YOUR INSTRUCTIONS:
Write out the records in full and without alteration, setting aside their pictures.

Spatial localization data
┌──

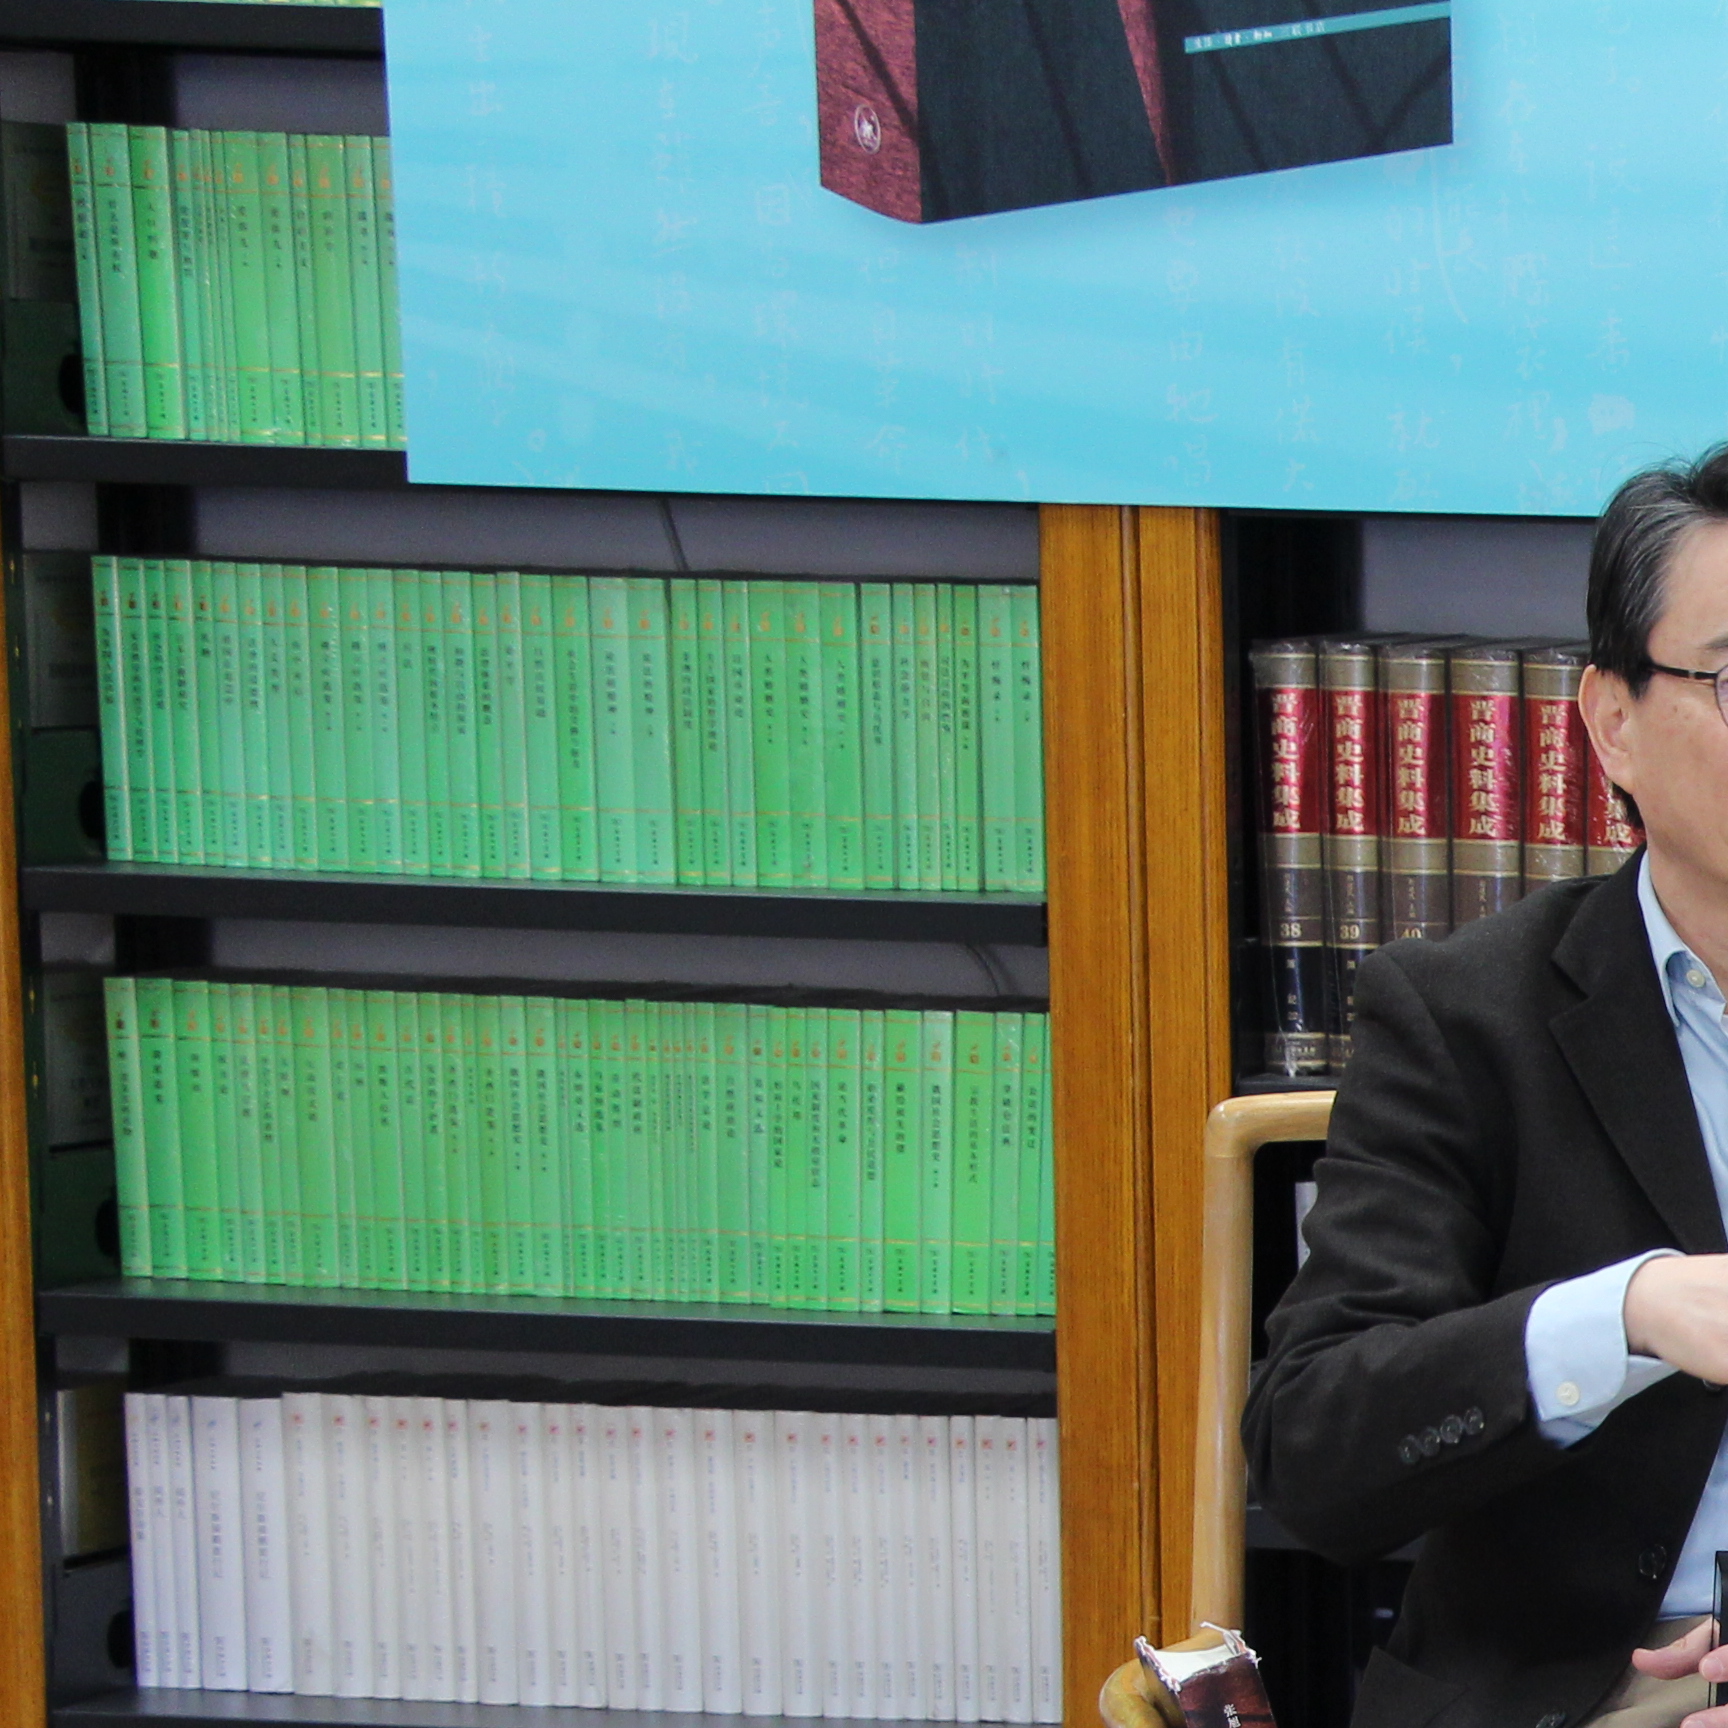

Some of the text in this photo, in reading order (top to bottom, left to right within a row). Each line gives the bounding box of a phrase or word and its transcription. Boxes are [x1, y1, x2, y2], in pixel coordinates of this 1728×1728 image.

[1271, 692, 1301, 830] 晋商史料集成
[1335, 690, 1365, 833] 晋商史料集成
[1398, 697, 1428, 837] 晋商史料集成
[1469, 699, 1499, 837] 晋商史料集成
[1538, 703, 1568, 841] 晋商史料集成
[1280, 923, 1303, 939] 38
[1339, 924, 1361, 940] 39

└──

WRITTEN SOLUTION:
Some of the text in this photo, in reading order (top to bottom, left to right within a row). Each line gives the bounding box of a phrase or word and its transcription. Boxes are [x1, y1, x2, y2], in pixel coordinates of this 1728×1728 image.

[1271, 692, 1301, 830] 晋商史料集成
[1335, 690, 1365, 833] 晋商史料集成
[1398, 697, 1428, 837] 晋商史料集成
[1469, 699, 1499, 837] 晋商史料集成
[1538, 703, 1568, 841] 晋商史料集成
[1280, 923, 1303, 939] 38
[1339, 924, 1361, 940] 39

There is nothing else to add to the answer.